> _SOURCE RECORDS_
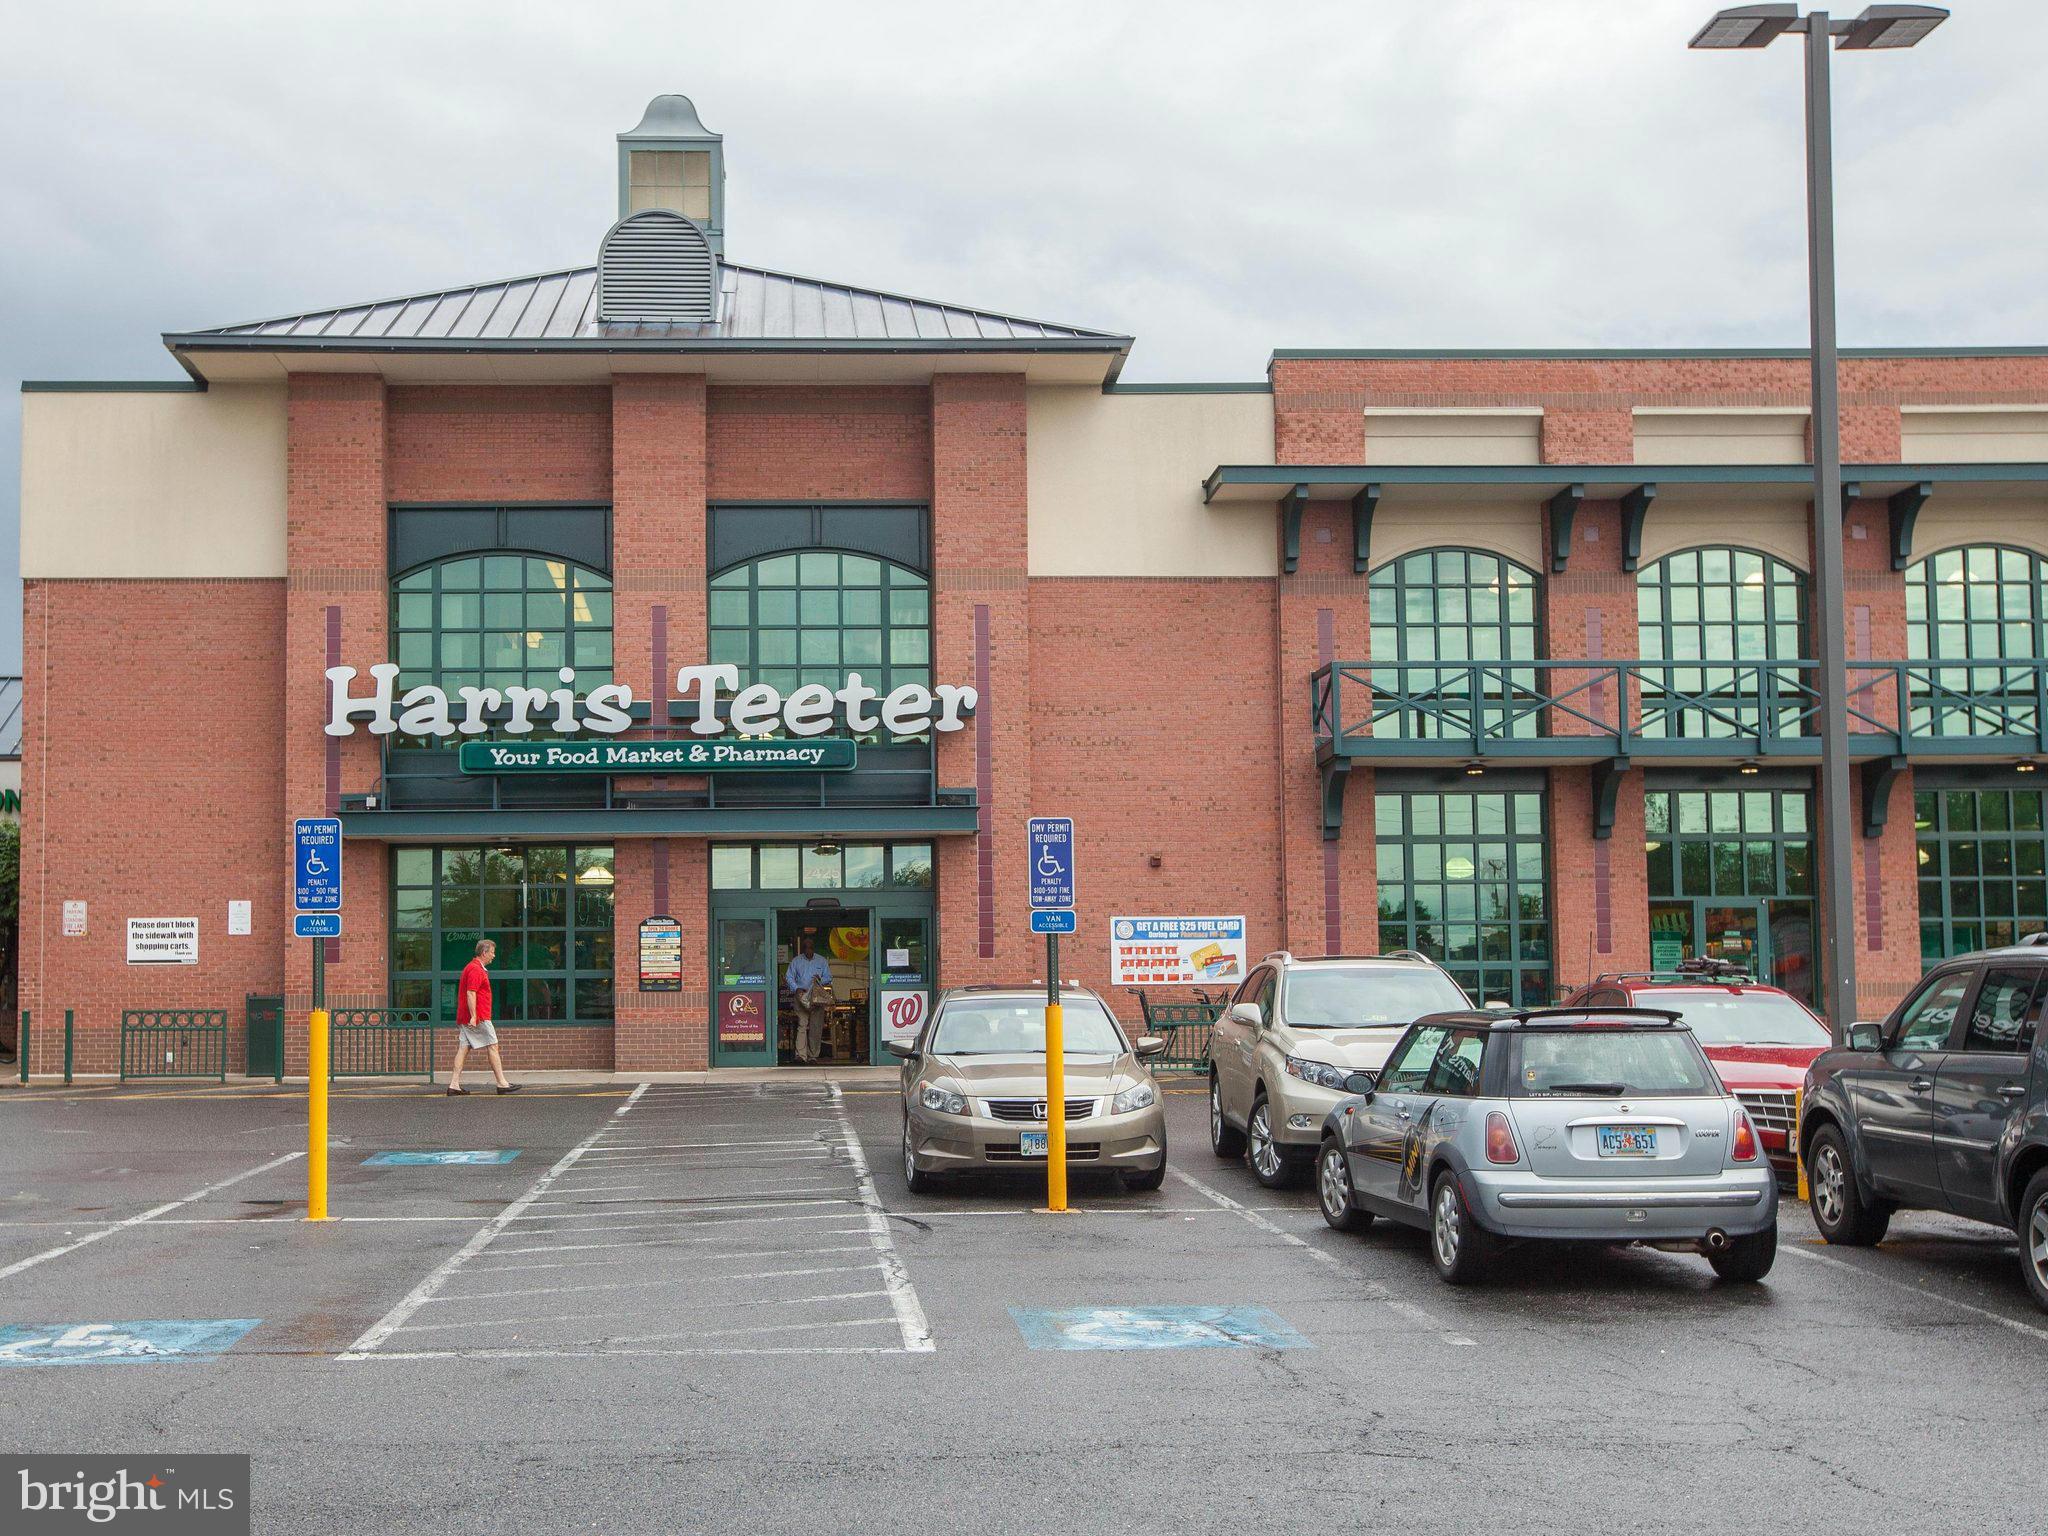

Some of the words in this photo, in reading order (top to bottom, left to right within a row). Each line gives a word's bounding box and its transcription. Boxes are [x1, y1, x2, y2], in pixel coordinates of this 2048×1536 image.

[324, 663, 634, 737] Harris
[676, 663, 979, 737] Teeter
[490, 748, 541, 766] Your
[546, 749, 599, 765] Food
[606, 747, 684, 764] Market
[688, 745, 708, 763] &
[713, 745, 825, 764] Pharmacy
[297, 825, 312, 835] DMV
[314, 825, 338, 834] PERMIT
[1031, 823, 1045, 833] DMV
[1047, 823, 1070, 832] PERMIT
[301, 835, 335, 845] REQUIRED
[1035, 834, 1067, 843] REQUIRED
[324, 895, 338, 903] ZONE
[131, 921, 155, 929] Please
[1136, 921, 1152, 931] GET
[1152, 921, 1159, 931] A
[1159, 921, 1179, 931] FREE
[1179, 921, 1197, 931] $25
[1197, 921, 1216, 931] FUEL
[1217, 920, 1240, 931] CARD
[178, 931, 194, 939] with
[135, 943, 169, 951] shopping
[1695, 1129, 1720, 1138] COOPER
[1635, 1134, 1655, 1149] 651
[1406, 1136, 1419, 1180] MINI
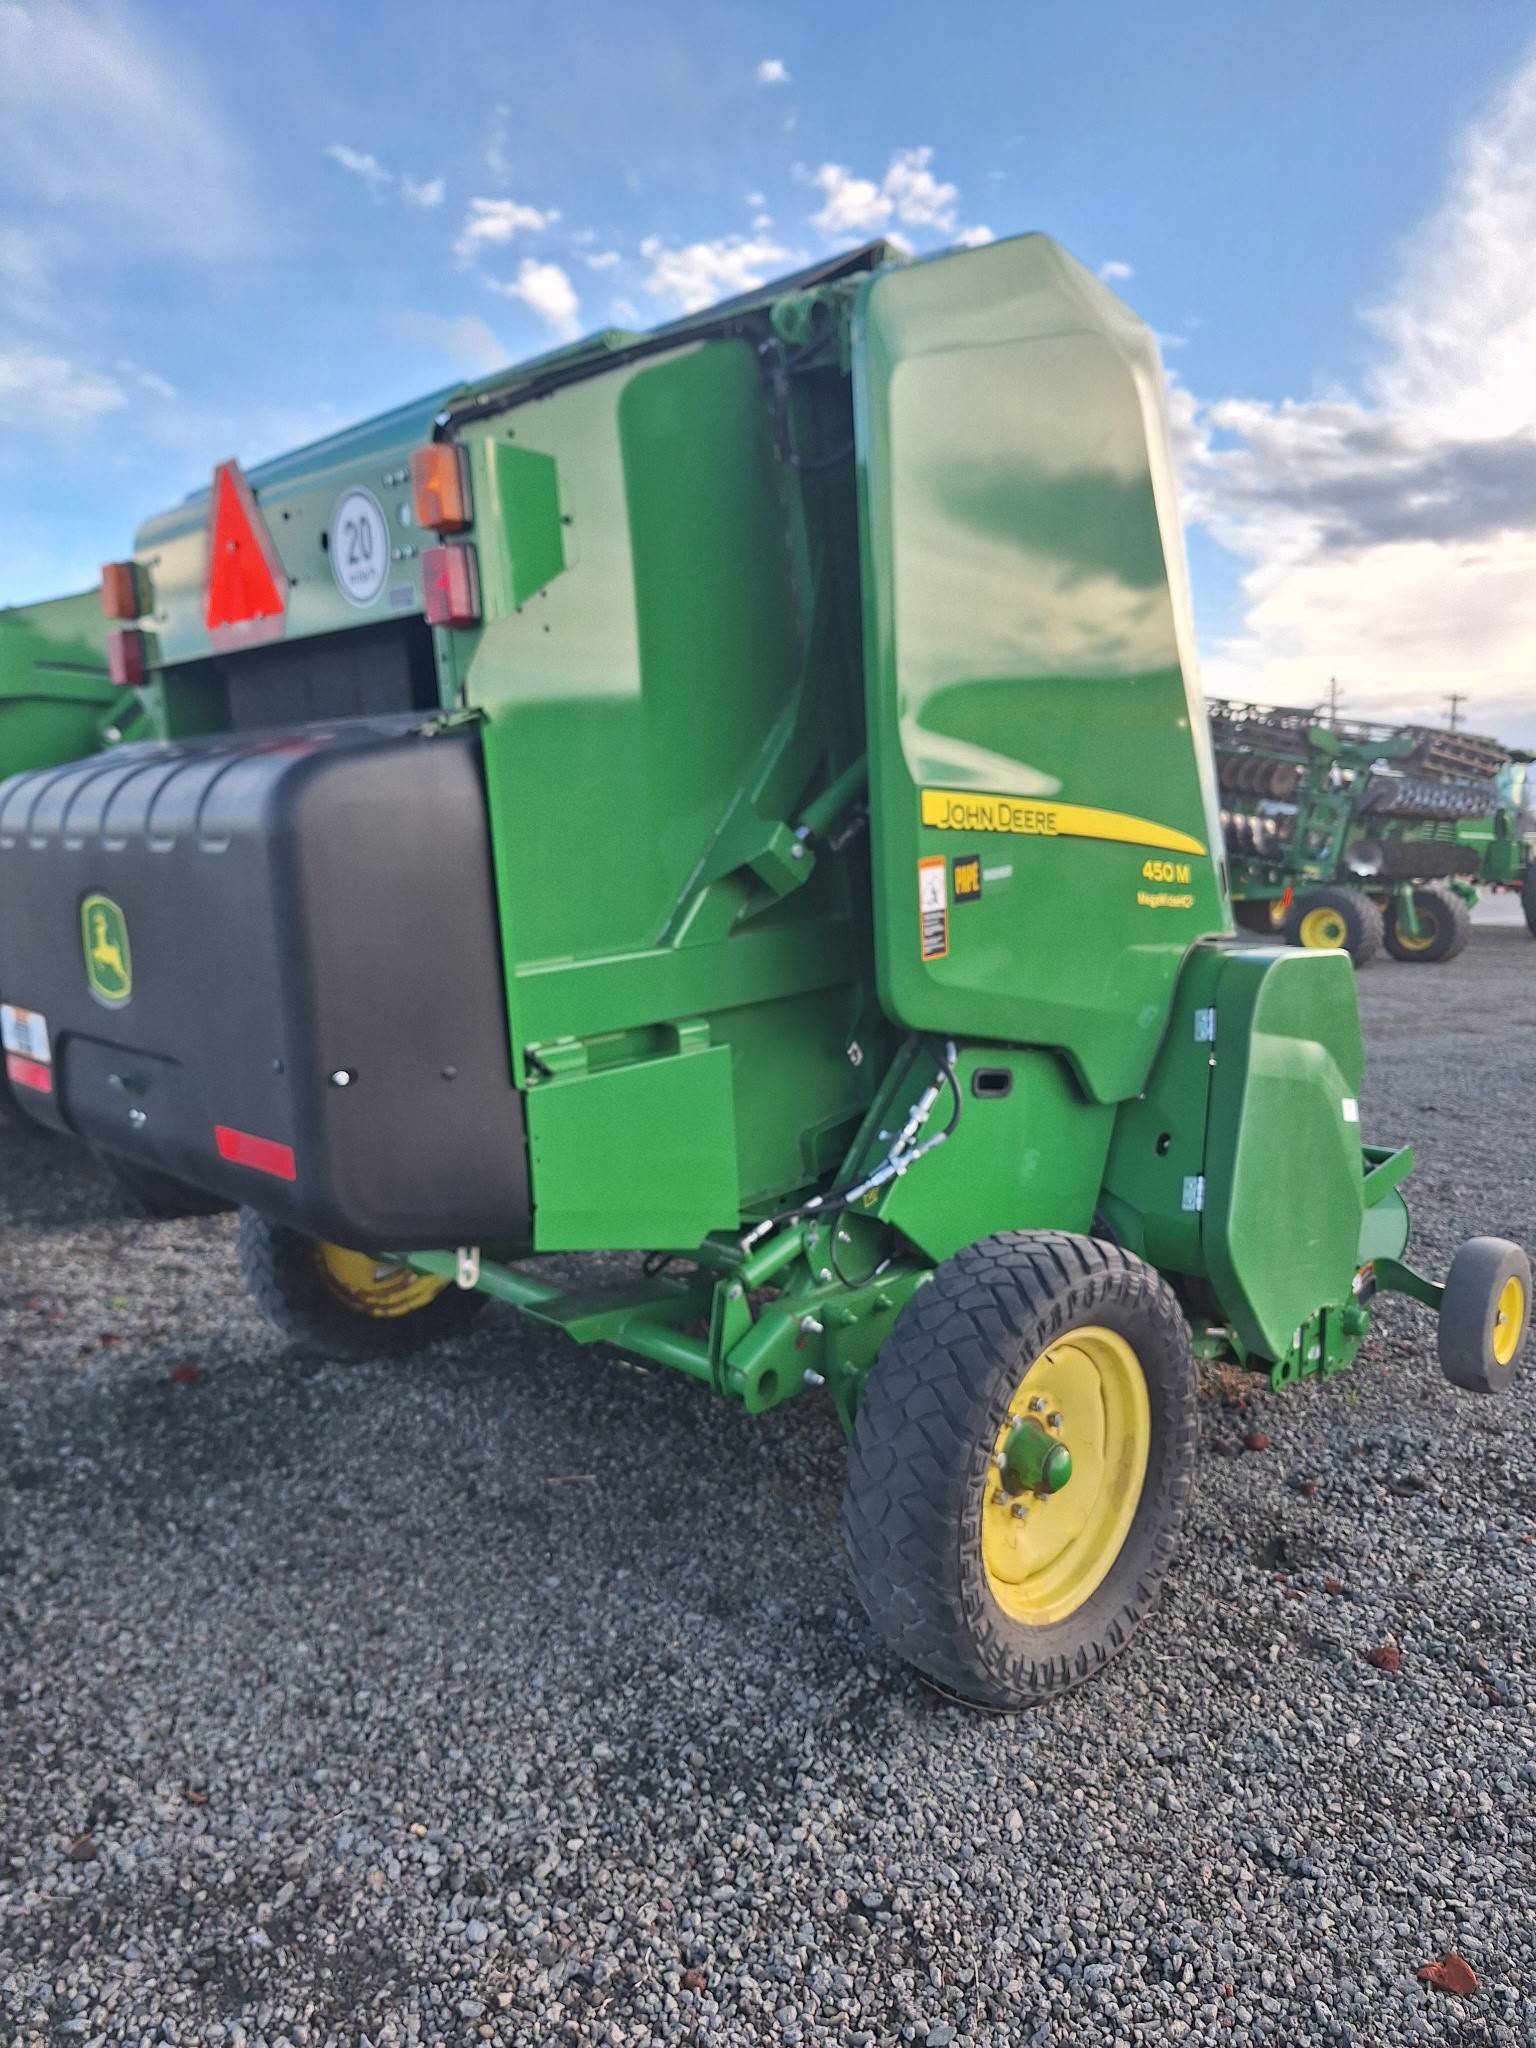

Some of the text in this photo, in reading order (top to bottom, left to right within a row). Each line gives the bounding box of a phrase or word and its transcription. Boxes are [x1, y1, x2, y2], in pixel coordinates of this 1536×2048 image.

[344, 516, 373, 565] 20
[939, 799, 1057, 831] JOHN DEERE
[1142, 860, 1191, 884] 450 M
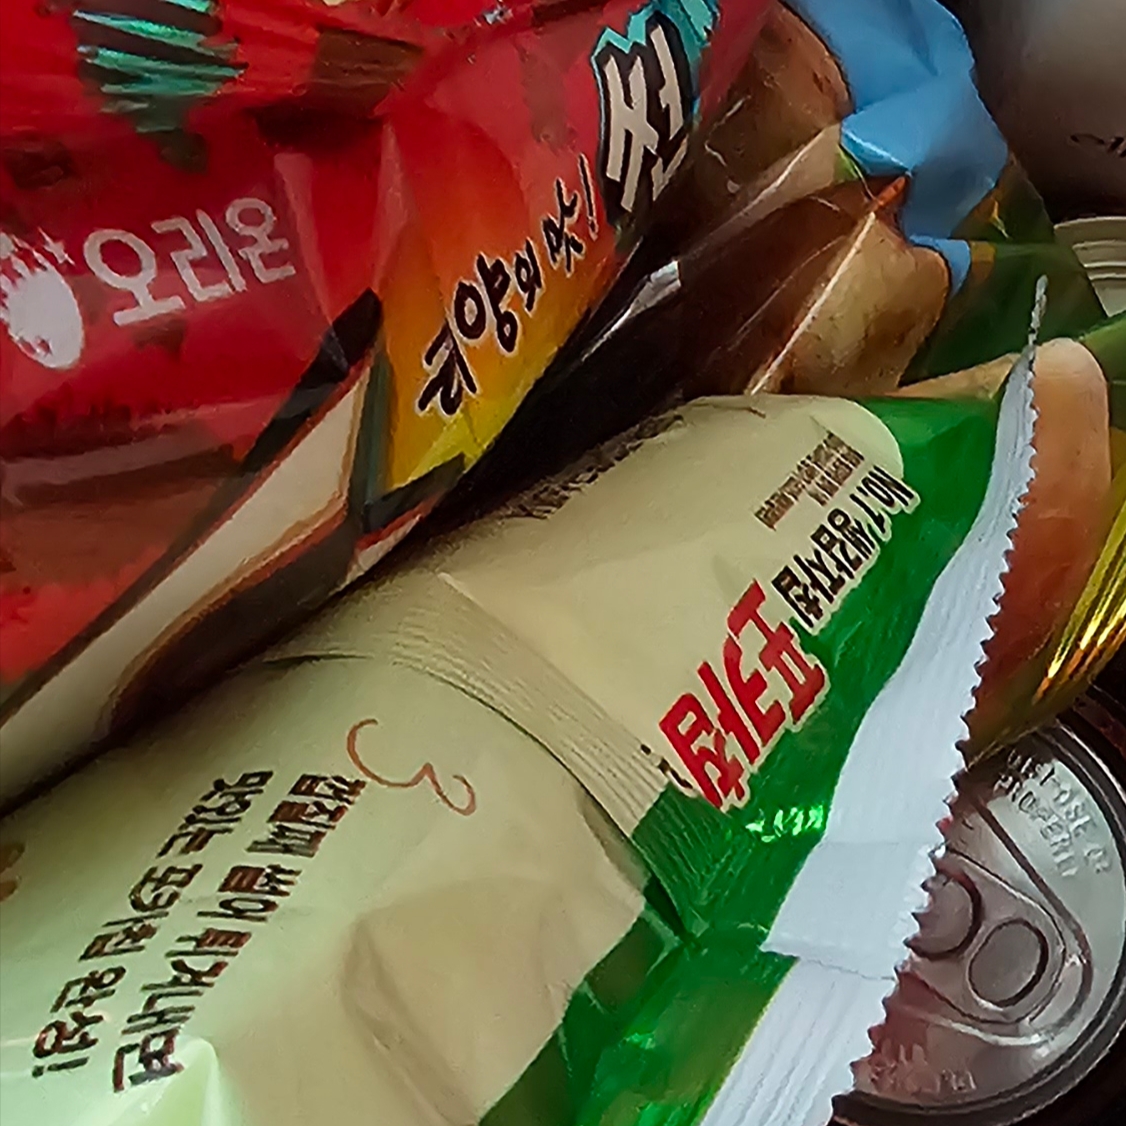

> _AIM OF THE EXERCISE_
Output everything in the records above word for word, but not the pictures.

> _TASK SOLUTION_
Some of the words in this photo, in reading order (top to bottom, left to right within a row). Each line gives a word's bounding box and its transcription. Boxes are [x1, y1, x2, y2], in pixel coordinates of this 2048×1536 image.

[324, 663, 634, 737] Harris
[676, 663, 979, 737] Teeter
[490, 748, 541, 766] Your
[546, 749, 599, 765] Food
[606, 747, 684, 764] Market
[688, 745, 708, 763] &
[713, 745, 825, 764] Pharmacy
[297, 825, 312, 835] DMV
[314, 825, 338, 834] PERMIT
[1031, 823, 1045, 833] DMV
[1047, 823, 1070, 832] PERMIT
[301, 835, 335, 845] REQUIRED
[1035, 834, 1067, 843] REQUIRED
[324, 895, 338, 903] ZONE
[131, 921, 155, 929] Please
[1136, 921, 1152, 931] GET
[1152, 921, 1159, 931] A
[1159, 921, 1179, 931] FREE
[1179, 921, 1197, 931] $25
[1197, 921, 1216, 931] FUEL
[1217, 920, 1240, 931] CARD
[178, 931, 194, 939] with
[135, 943, 169, 951] shopping
[1695, 1129, 1720, 1138] COOPER
[1635, 1134, 1655, 1149] 651
[1406, 1136, 1419, 1180] MINI

Some of the text in this photo, in reading order (top to bottom, left to right within a row). Each line gives the bounding box of a phrase or word and its transcription. Boxes are [x1, y1, x2, y2], in pixel coordinates of this 1536×2048 image.

[344, 516, 373, 565] 20
[939, 799, 1057, 831] JOHN DEERE
[1142, 860, 1191, 884] 450 M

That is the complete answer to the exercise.